Data records: Begin
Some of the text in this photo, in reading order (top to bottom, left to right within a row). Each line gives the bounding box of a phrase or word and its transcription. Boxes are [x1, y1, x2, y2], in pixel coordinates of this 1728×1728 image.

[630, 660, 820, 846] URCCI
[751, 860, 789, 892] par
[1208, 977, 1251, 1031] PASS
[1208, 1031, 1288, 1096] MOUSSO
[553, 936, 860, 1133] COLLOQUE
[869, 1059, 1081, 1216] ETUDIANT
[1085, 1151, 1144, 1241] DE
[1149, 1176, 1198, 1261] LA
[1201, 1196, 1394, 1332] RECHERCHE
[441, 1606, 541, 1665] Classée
Data records: End
Data records: Begin
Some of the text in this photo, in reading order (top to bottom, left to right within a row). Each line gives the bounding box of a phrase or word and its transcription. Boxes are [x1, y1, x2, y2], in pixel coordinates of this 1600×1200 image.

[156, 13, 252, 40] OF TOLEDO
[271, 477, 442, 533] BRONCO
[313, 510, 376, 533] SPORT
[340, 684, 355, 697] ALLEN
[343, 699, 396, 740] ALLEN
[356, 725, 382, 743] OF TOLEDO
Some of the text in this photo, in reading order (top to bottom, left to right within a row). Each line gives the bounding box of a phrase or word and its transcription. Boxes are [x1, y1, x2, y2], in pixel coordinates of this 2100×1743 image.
Data records: End
_Work order:_ Taking the lines above, repeat exactly those from the line that contains "this 1600×1200 image." through the line that contains "this 2100×1743 image.", and both of those lines as well. Include nothing else.

_Answer box:_
Some of the text in this photo, in reading order (top to bottom, left to right within a row). Each line gives the bounding box of a phrase or word and its transcription. Boxes are [x1, y1, x2, y2], in pixel coordinates of this 1600×1200 image.

[156, 13, 252, 40] OF TOLEDO
[271, 477, 442, 533] BRONCO
[313, 510, 376, 533] SPORT
[340, 684, 355, 697] ALLEN
[343, 699, 396, 740] ALLEN
[356, 725, 382, 743] OF TOLEDO
Some of the text in this photo, in reading order (top to bottom, left to right within a row). Each line gives the bounding box of a phrase or word and its transcription. Boxes are [x1, y1, x2, y2], in pixel coordinates of this 2100×1743 image.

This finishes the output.